---------- STORED DATA ----------
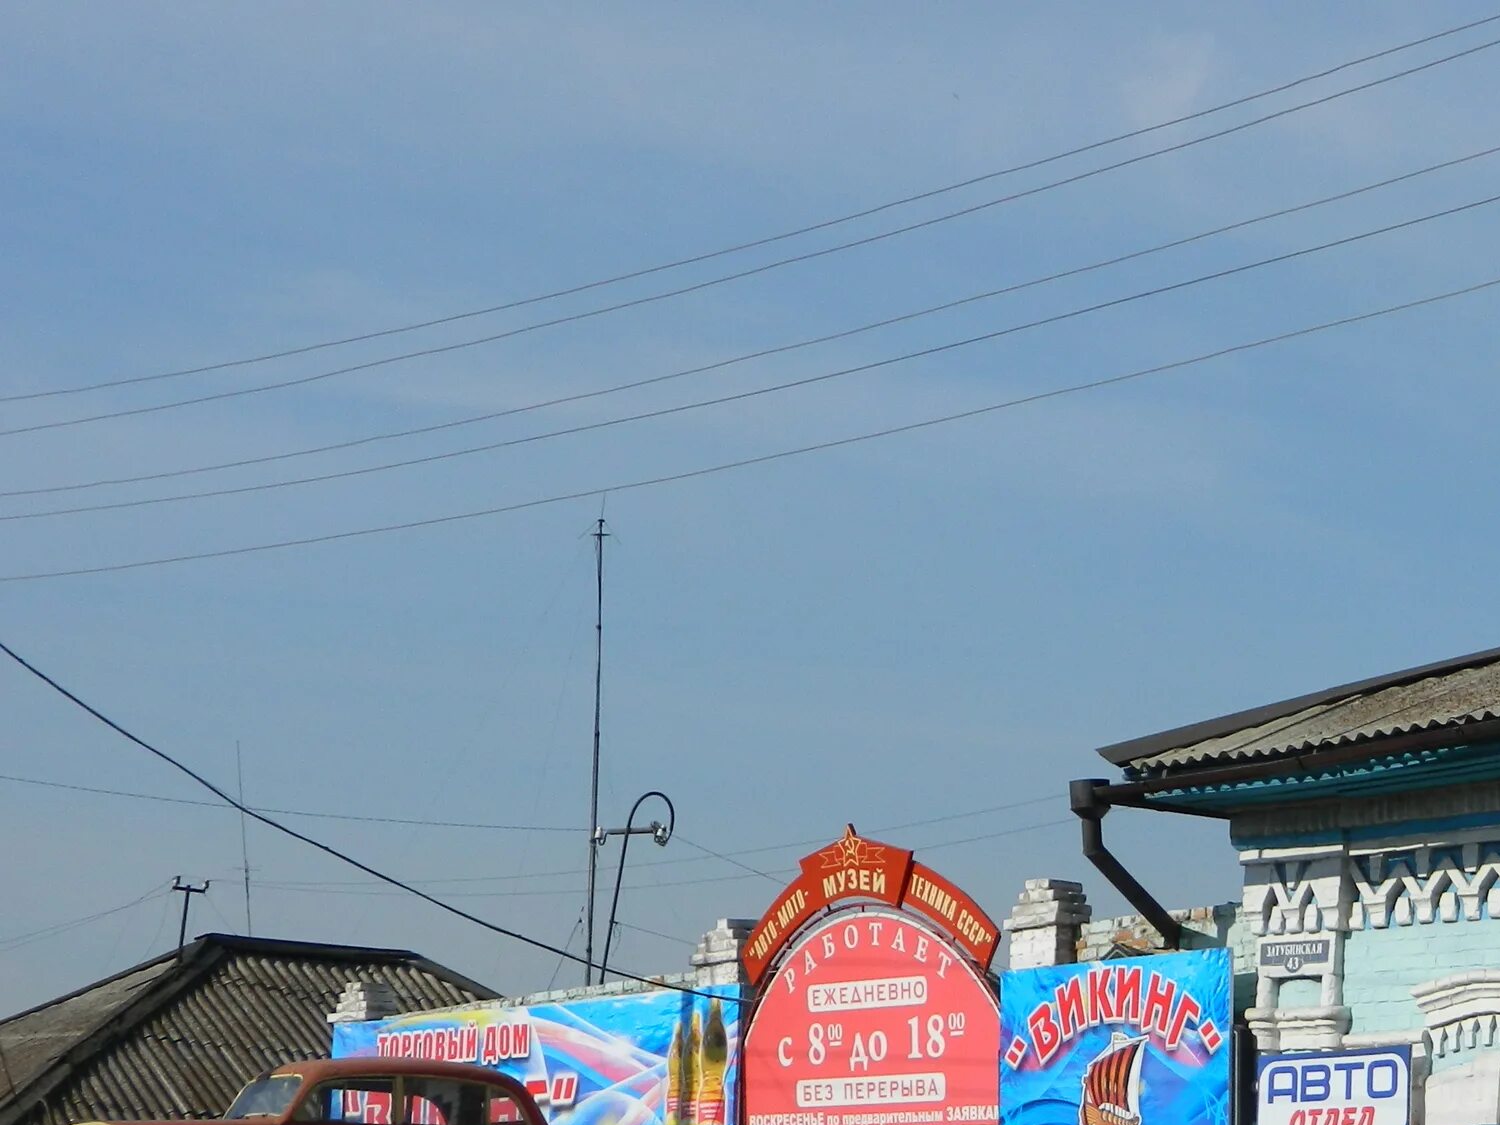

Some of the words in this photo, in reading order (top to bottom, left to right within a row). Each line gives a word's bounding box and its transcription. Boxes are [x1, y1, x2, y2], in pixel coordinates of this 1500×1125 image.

[822, 868, 886, 899] МУЗЕЙ
[910, 873, 956, 922] ТЕХНИКА
[783, 922, 953, 994] РАБОТАЕТ
[1266, 942, 1322, 958] ЗАТУБИНСКАЯ
[1286, 957, 1300, 970] 43
[812, 980, 925, 1006] ЕЖЕДНЕВНО
[1004, 964, 1223, 1071] "ВИКИНГ"
[377, 1019, 479, 1062] ТОРГОВЫЙ
[481, 1023, 531, 1066] ДОМ
[802, 1084, 834, 1102] БЕЗ
[844, 1078, 939, 1100] ПЕРЕРЫВА
[1267, 1059, 1399, 1104] АВТО
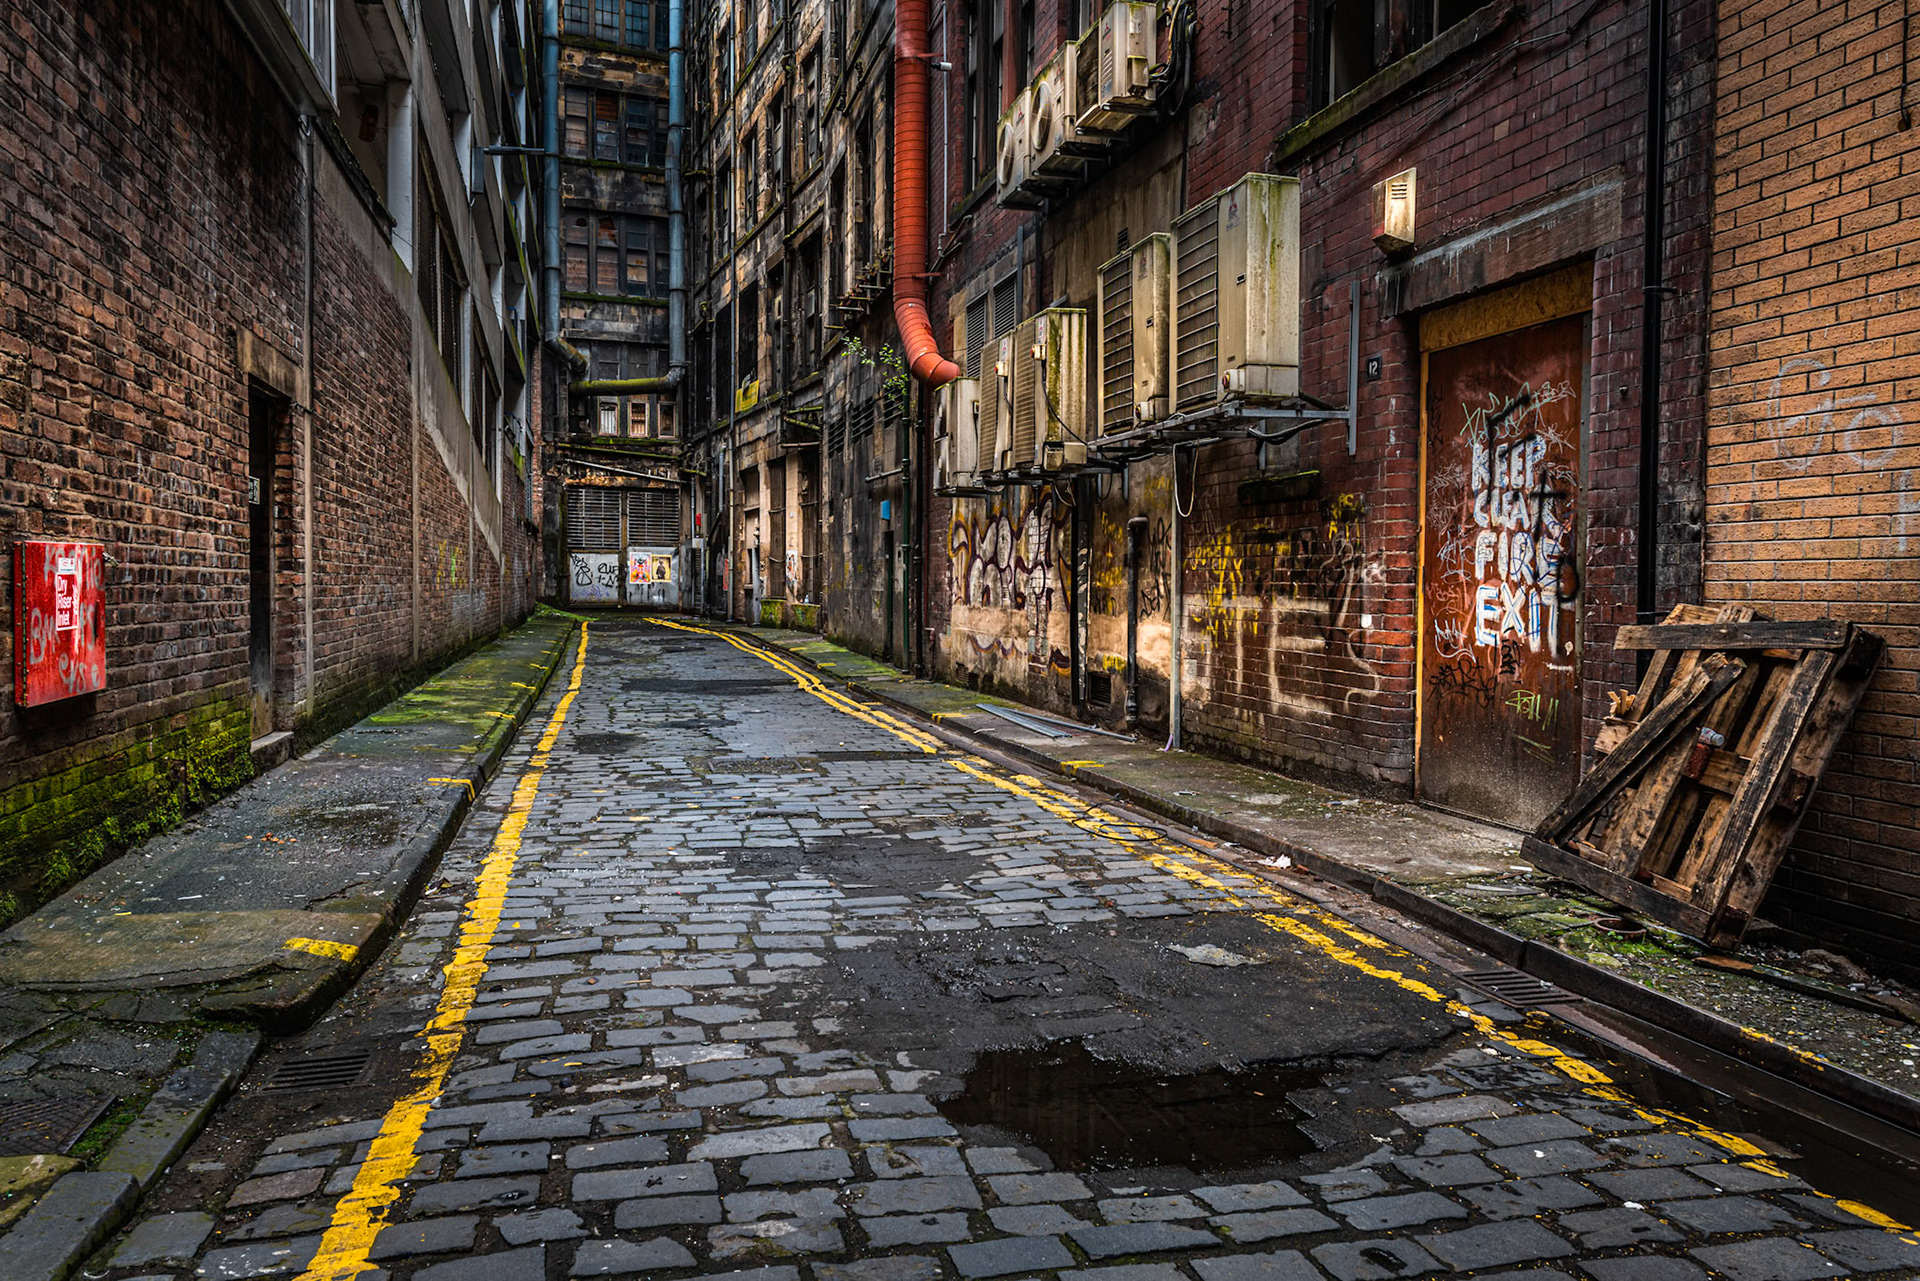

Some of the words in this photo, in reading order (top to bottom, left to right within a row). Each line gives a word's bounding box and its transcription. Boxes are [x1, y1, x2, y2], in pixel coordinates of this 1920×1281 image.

[1368, 360, 1378, 376] 12
[1471, 434, 1548, 492] KEEP
[1474, 483, 1562, 539] CLEAR
[1474, 529, 1564, 591] FIRE
[57, 575, 68, 596] Dry
[57, 593, 72, 609] Riser
[57, 610, 70, 626] Inlet
[1475, 580, 1575, 658] EXIT
----------
*THE PROBLEM:* Using the records above, output an exact copy without any pictures.

*ANSWER SECTION:*
Some of the words in this photo, in reading order (top to bottom, left to right within a row). Each line gives a word's bounding box and its transcription. Boxes are [x1, y1, x2, y2], in pixel coordinates of this 1500×1125 image.

[822, 868, 886, 899] МУЗЕЙ
[910, 873, 956, 922] ТЕХНИКА
[783, 922, 953, 994] РАБОТАЕТ
[1266, 942, 1322, 958] ЗАТУБИНСКАЯ
[1286, 957, 1300, 970] 43
[812, 980, 925, 1006] ЕЖЕДНЕВНО
[1004, 964, 1223, 1071] "ВИКИНГ"
[377, 1019, 479, 1062] ТОРГОВЫЙ
[481, 1023, 531, 1066] ДОМ
[802, 1084, 834, 1102] БЕЗ
[844, 1078, 939, 1100] ПЕРЕРЫВА
[1267, 1059, 1399, 1104] АВТО

Some of the words in this photo, in reading order (top to bottom, left to right within a row). Each line gives a word's bounding box and its transcription. Boxes are [x1, y1, x2, y2], in pixel coordinates of this 1920×1281 image.

[1368, 360, 1378, 376] 12
[1471, 434, 1548, 492] KEEP
[1474, 483, 1562, 539] CLEAR
[1474, 529, 1564, 591] FIRE
[57, 575, 68, 596] Dry
[57, 593, 72, 609] Riser
[57, 610, 70, 626] Inlet
[1475, 580, 1575, 658] EXIT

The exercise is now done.